Data for review below:

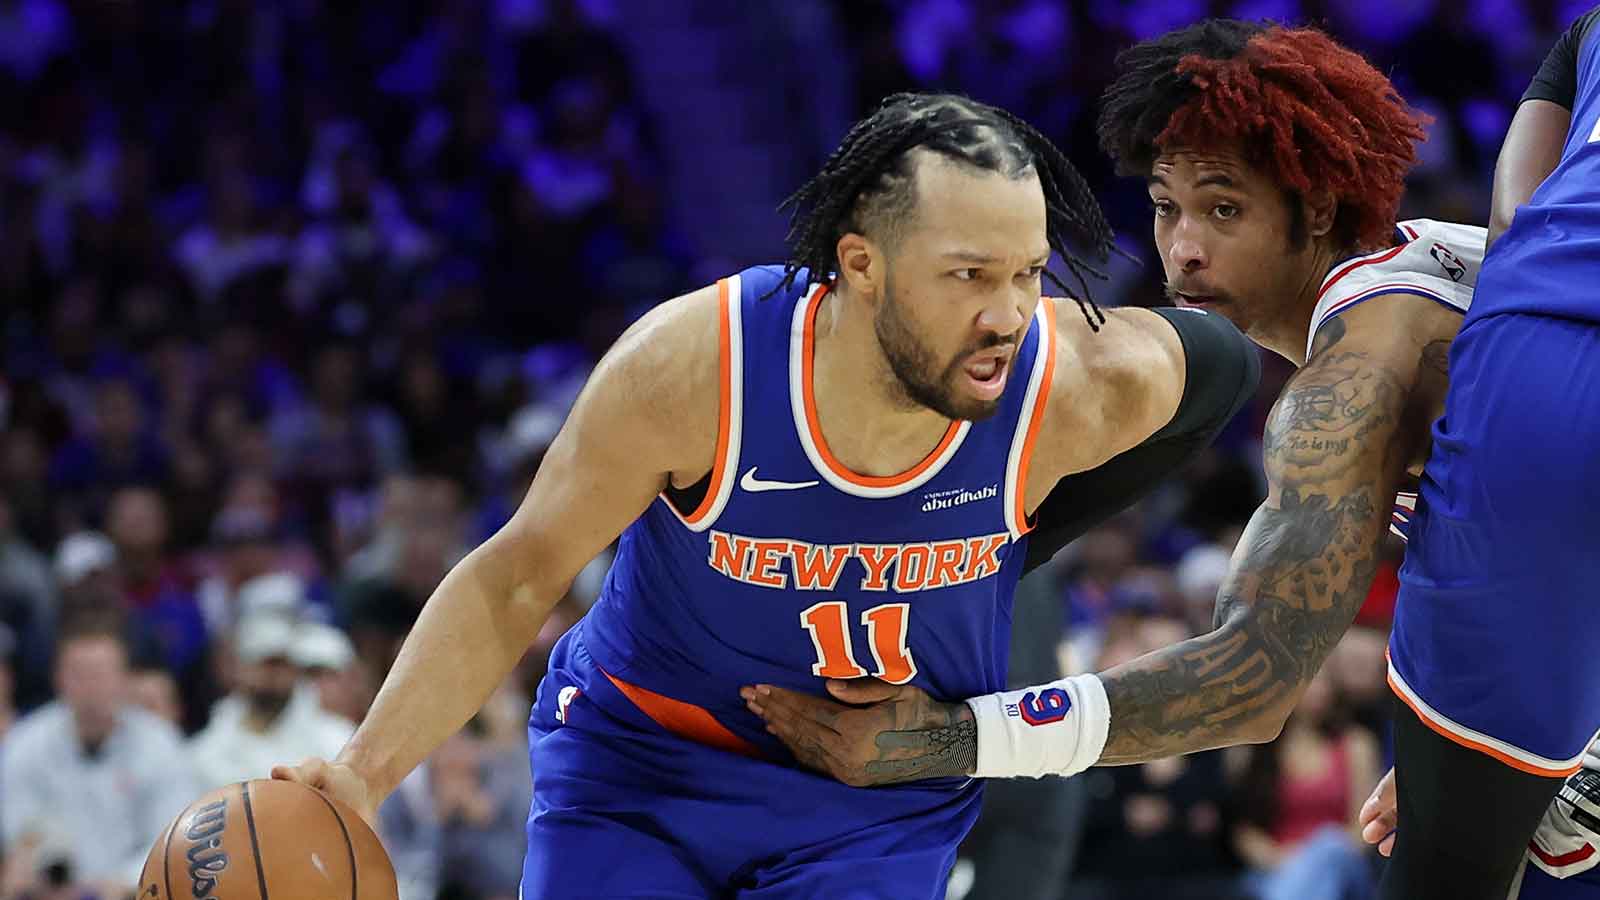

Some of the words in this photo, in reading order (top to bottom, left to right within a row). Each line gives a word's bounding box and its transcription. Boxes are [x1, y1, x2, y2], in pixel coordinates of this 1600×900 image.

[954, 484, 998, 505] dhabi
[709, 529, 852, 591] NEW
[855, 531, 1010, 593] YORK
[800, 601, 918, 685] 11
[1018, 688, 1072, 727] 9
[186, 799, 229, 900] Wils
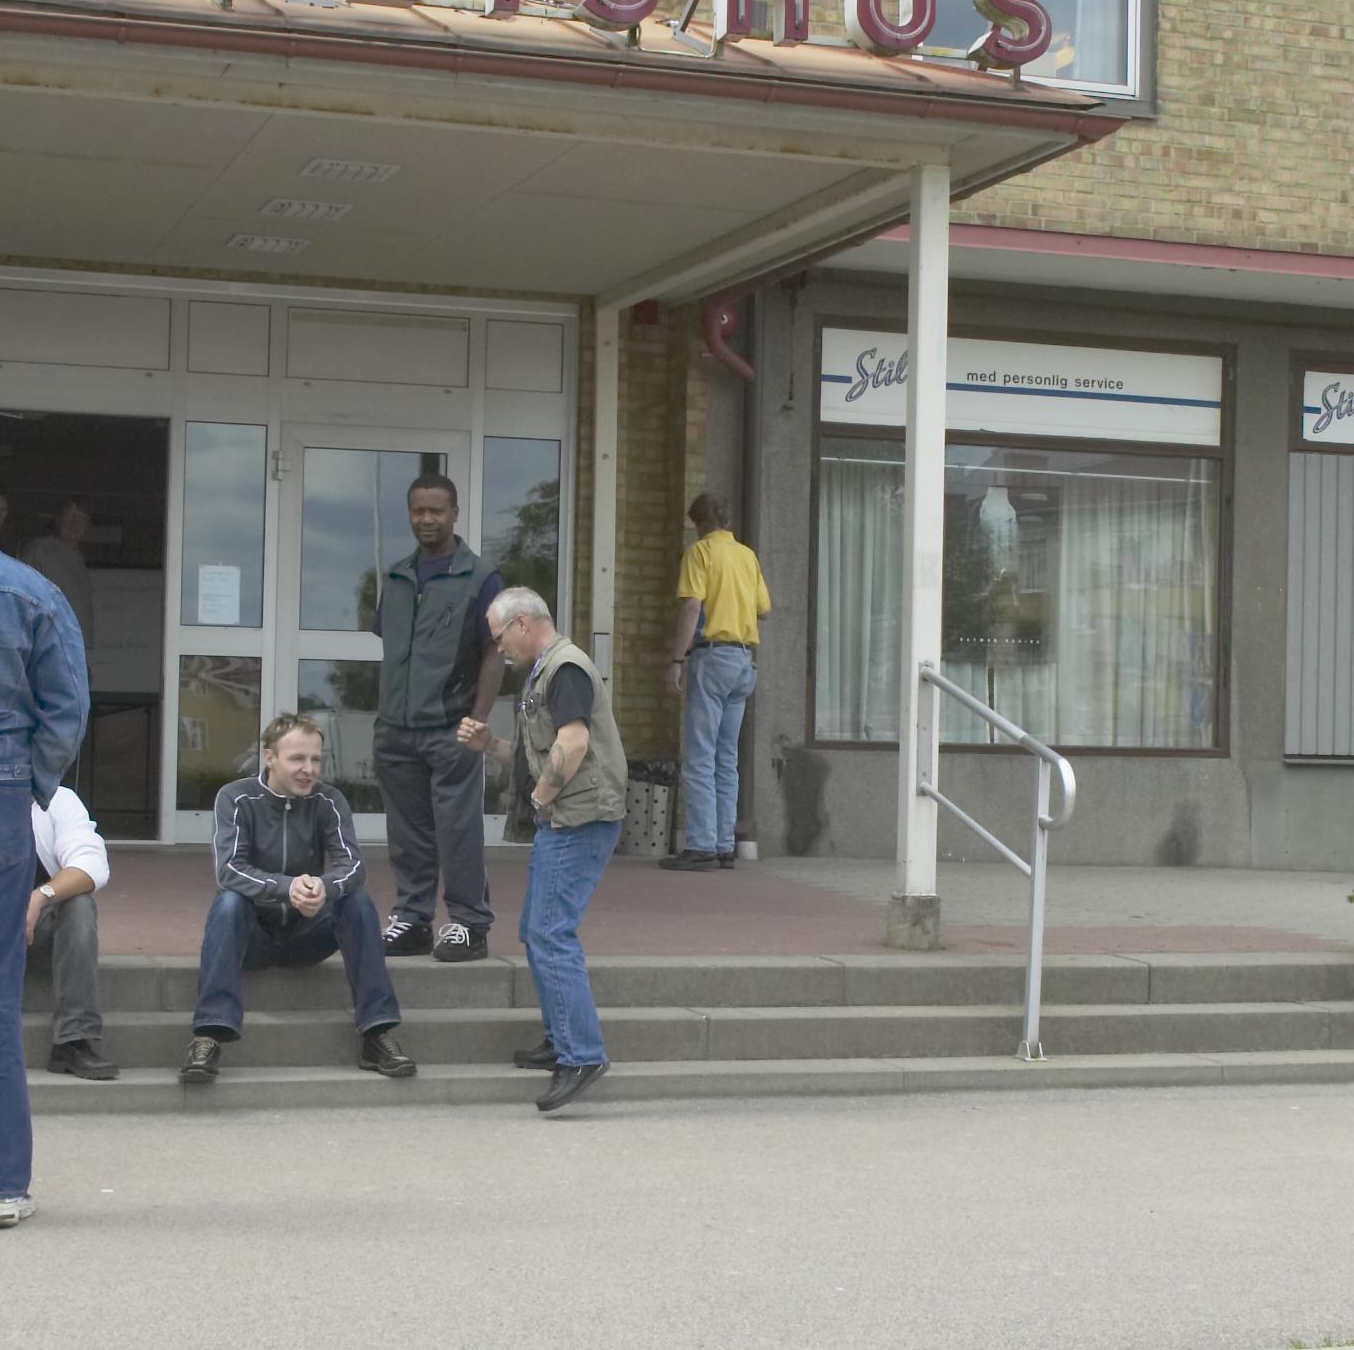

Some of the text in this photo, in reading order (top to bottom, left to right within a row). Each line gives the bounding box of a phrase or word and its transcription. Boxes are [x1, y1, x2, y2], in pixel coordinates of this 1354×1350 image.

[845, 347, 909, 402] Stil
[966, 371, 1125, 390] med personlig service
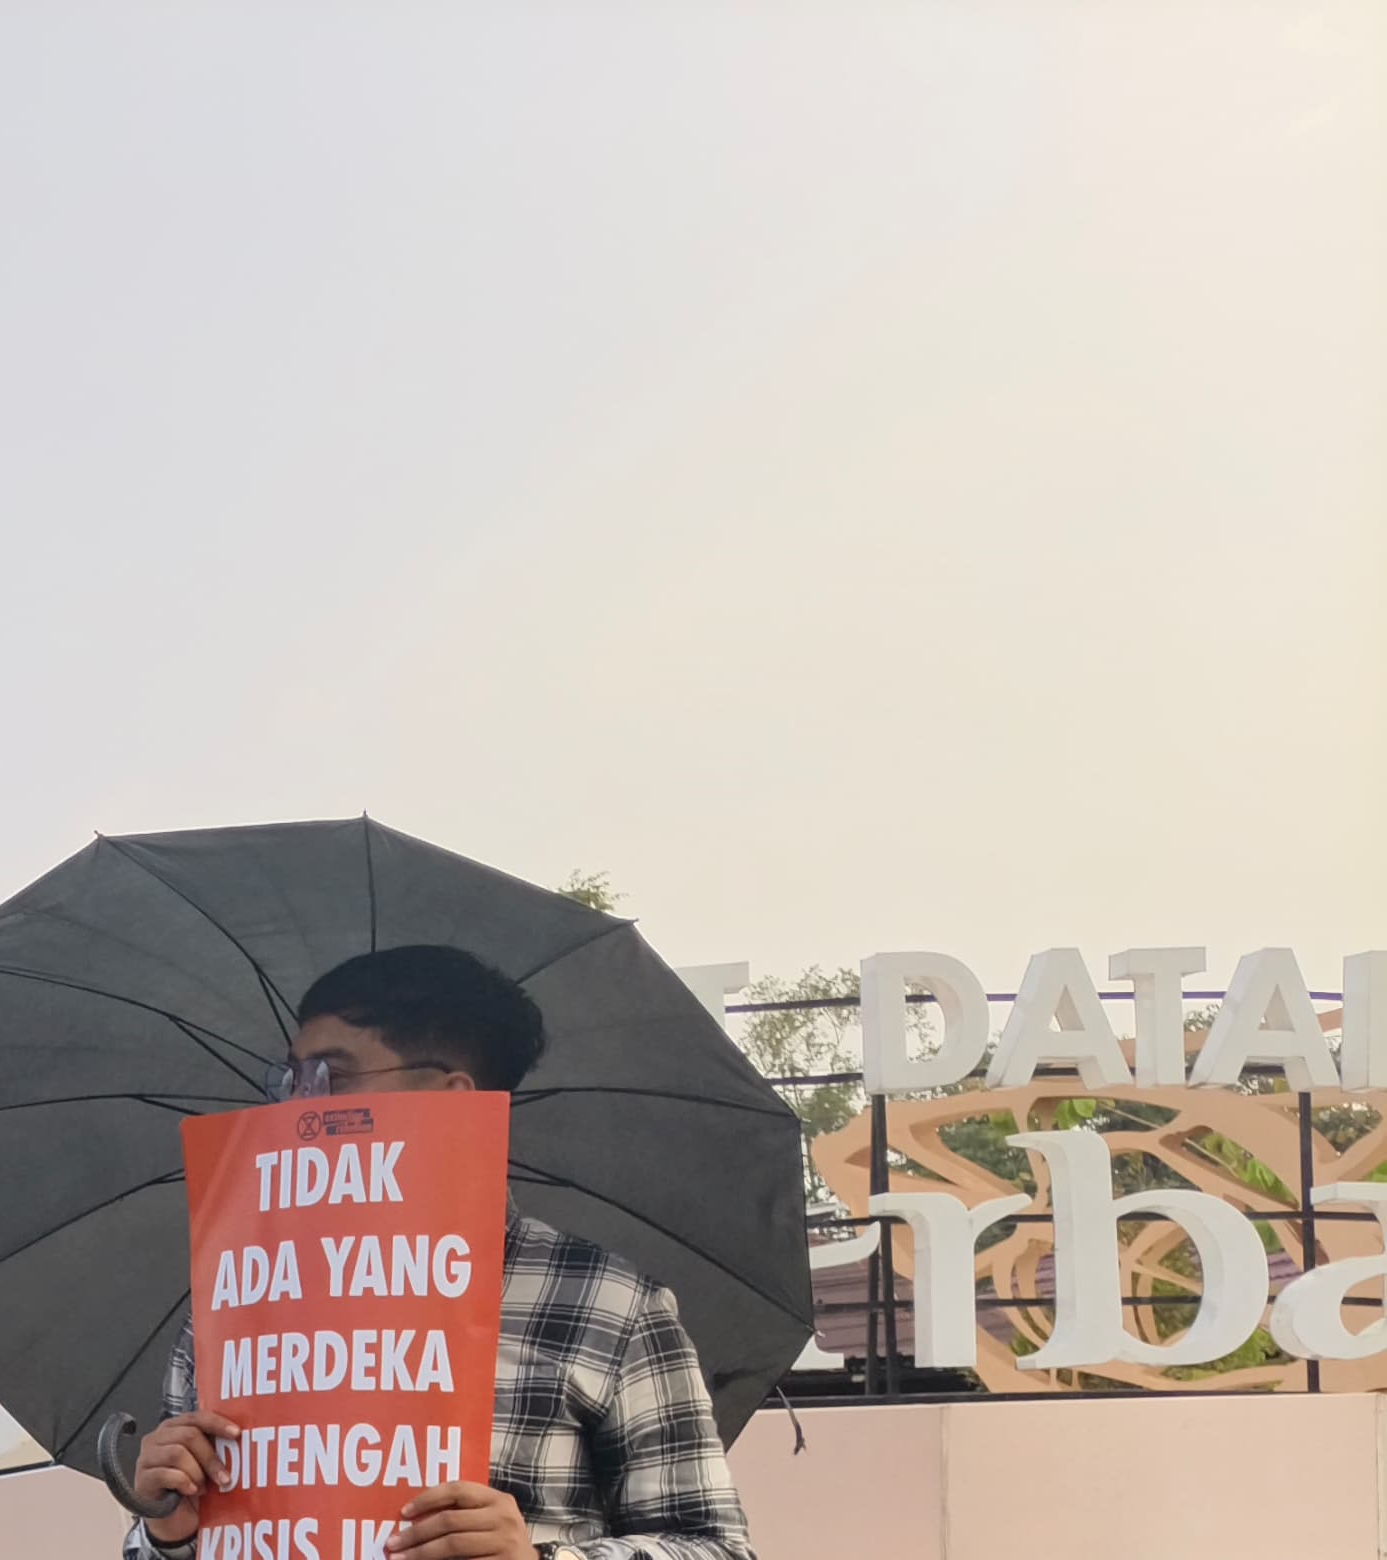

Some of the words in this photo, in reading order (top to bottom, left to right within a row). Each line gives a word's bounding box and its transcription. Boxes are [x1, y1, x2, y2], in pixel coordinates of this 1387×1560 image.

End of Data for review.

§ **Requirement**: The response must restate exactly the lines from the one containing "Some of the text" through the end of the records above and must leave out all pictures.

§ **Answer for the task**:
Some of the text in this photo, in reading order (top to bottom, left to right within a row). Each line gives the bounding box of a phrase or word and its transcription. Boxes are [x1, y1, x2, y2], in pixel coordinates of this 1354×1350 image.

[845, 347, 909, 402] Stil
[966, 371, 1125, 390] med personlig service

Some of the words in this photo, in reading order (top to bottom, left to right within a row). Each line gives a word's bounding box and its transcription. Boxes are [x1, y1, x2, y2], in pixel coordinates of this 1387×1560 image.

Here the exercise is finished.